Over the last decade, consumerism, pressures to cut costs and technological advances have forced the health care industry to rethink how it delivers and finances services. In the early 1990s, forward-thinking analysts saw HCFA falling behind the times. The agency simply spewed checks, expecting policy changes to come from Congress or the White House. Meanwhile, private insurers were moving to balance costs with quality of care, developing performance measures for their plans, and surveying customers to learn what services they expected.

Industry's more comprehensive approach created the need for employees with a broader set of skills than those who had built entire careers specializing in the minutiae of the Medicare program.

"There's a tendency throughout the bureaucracy to get so highly specialized that workers stay in a professional rut for years and years," says Bruce Vladeck, who headed HCFA from 1993 to 1997.

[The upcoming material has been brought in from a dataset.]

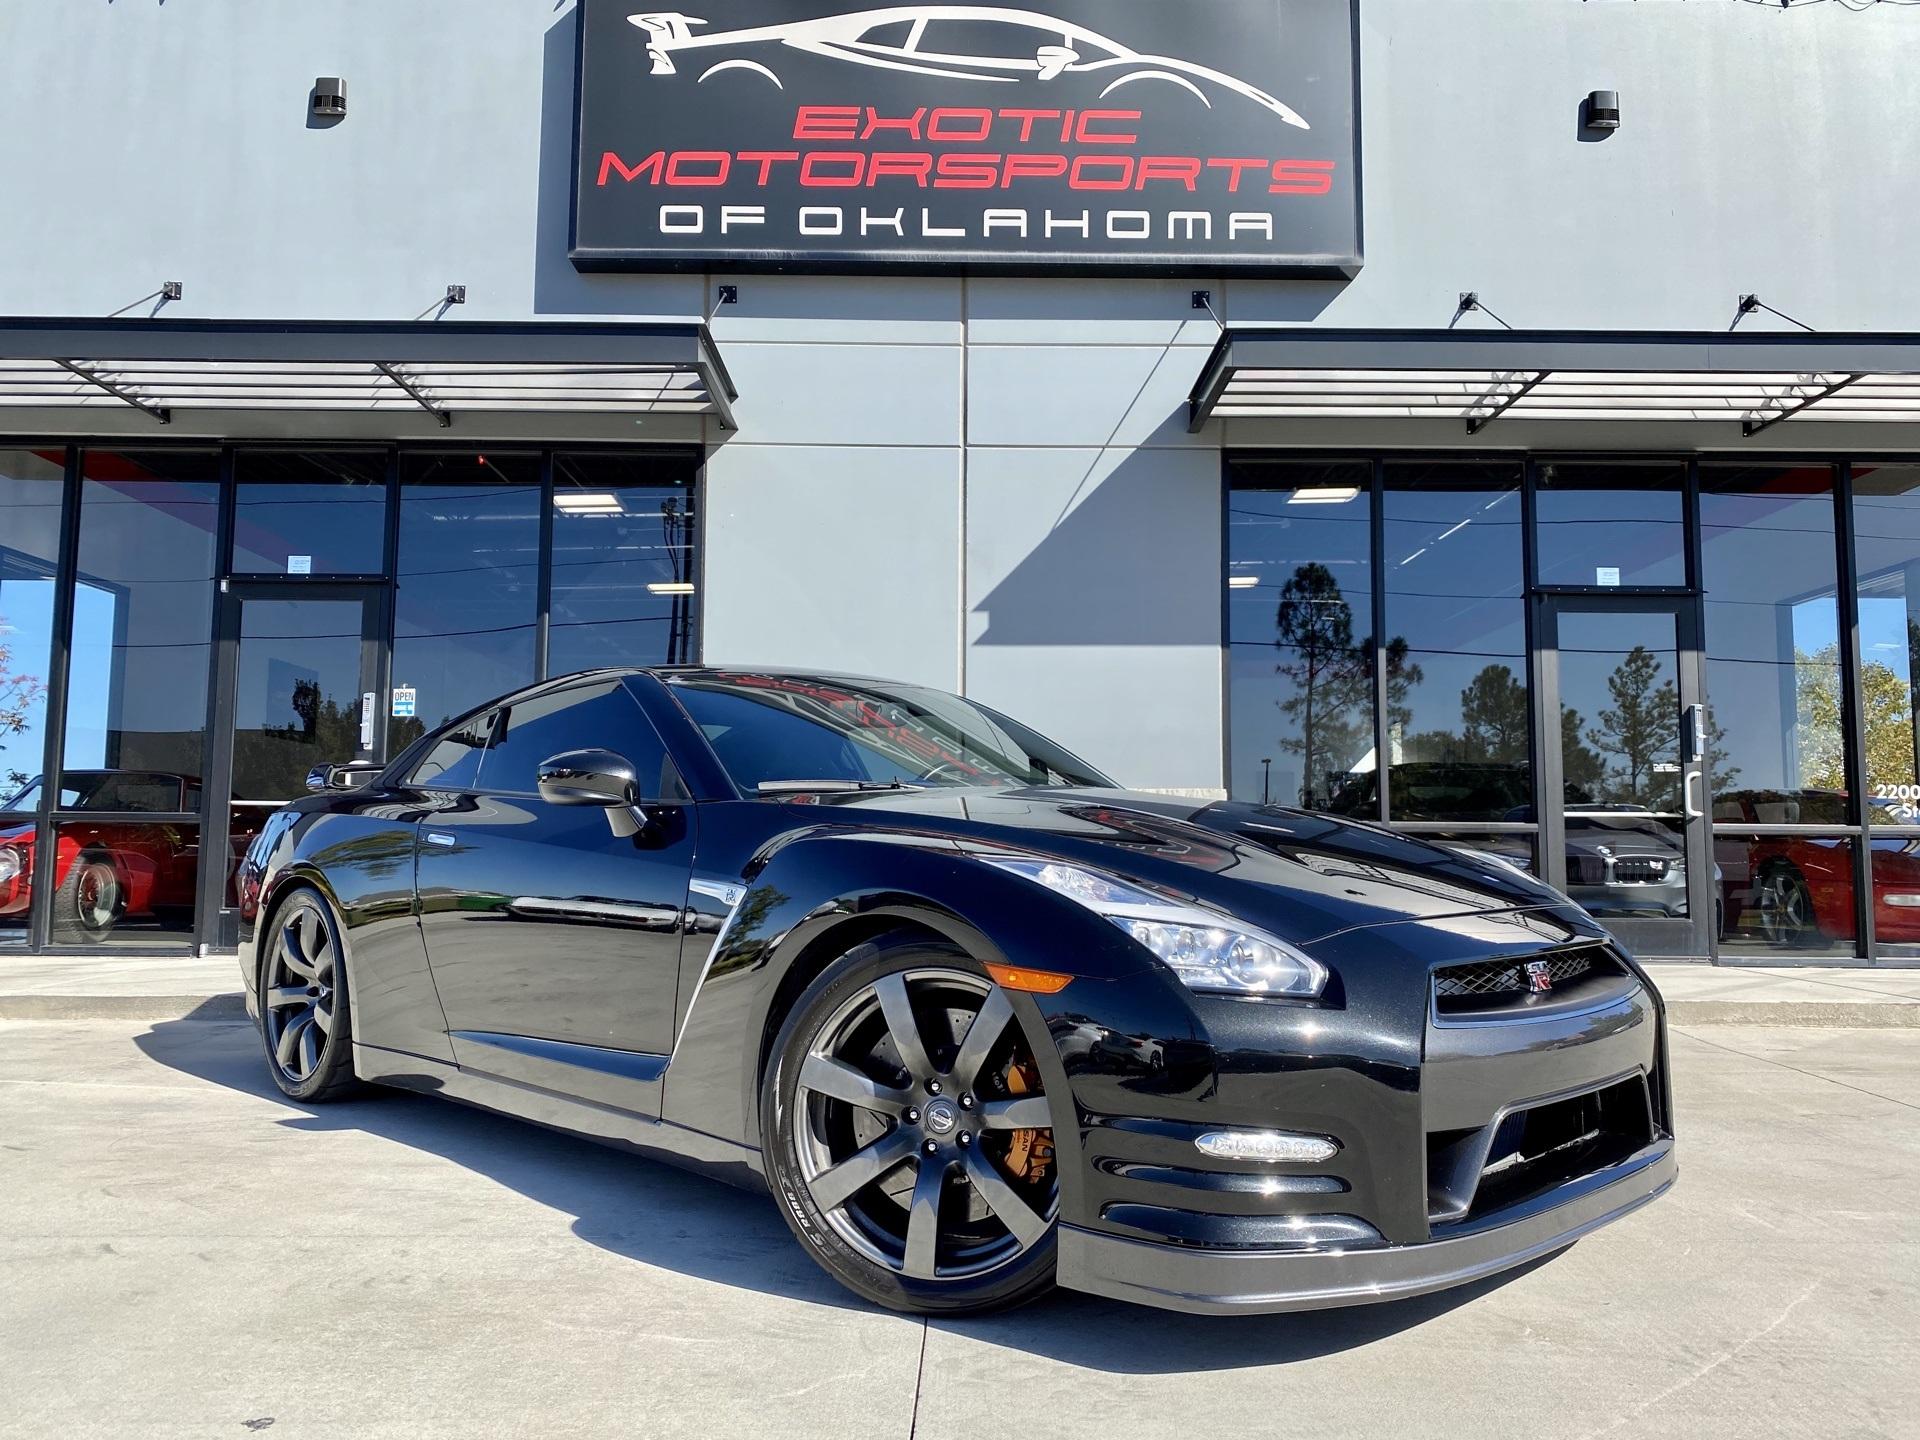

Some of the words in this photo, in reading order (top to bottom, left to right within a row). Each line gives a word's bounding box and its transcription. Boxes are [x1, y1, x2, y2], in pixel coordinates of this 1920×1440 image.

When much of the aging HCFA staff began to retire in the mid-1990s, Vladeck saw an opportunity to bring in people with more general backgrounds and skills. "That turnover was wonderful. We recruited a lot of outstanding people," Vladeck says.

But putting new people in the old finance-centric structure held little value. So Vladeck set up internal review teams to study reorganization options. HCFA settled on a plan to move from being process-driven to being customer-driven. The Medicaid bureau, survey and certification offices, insurance and, clinical laboratory regulators and the intergovernmental affairs staff went to the Center for State Operations. Disparate offices dealing directly with the health care industry were rolled into the Center for Health Plans and Providers. HCFA created a new Center for Beneficiary Services to provide information to beneficiaries, assess their needs and ask for their feedback on Medicare services.

The reorganization officially kicked off in July 1997. This summer, HCFA finished moving employees, but they'll need additional and ongoing training to prepare for current and future health care trends, analysts say.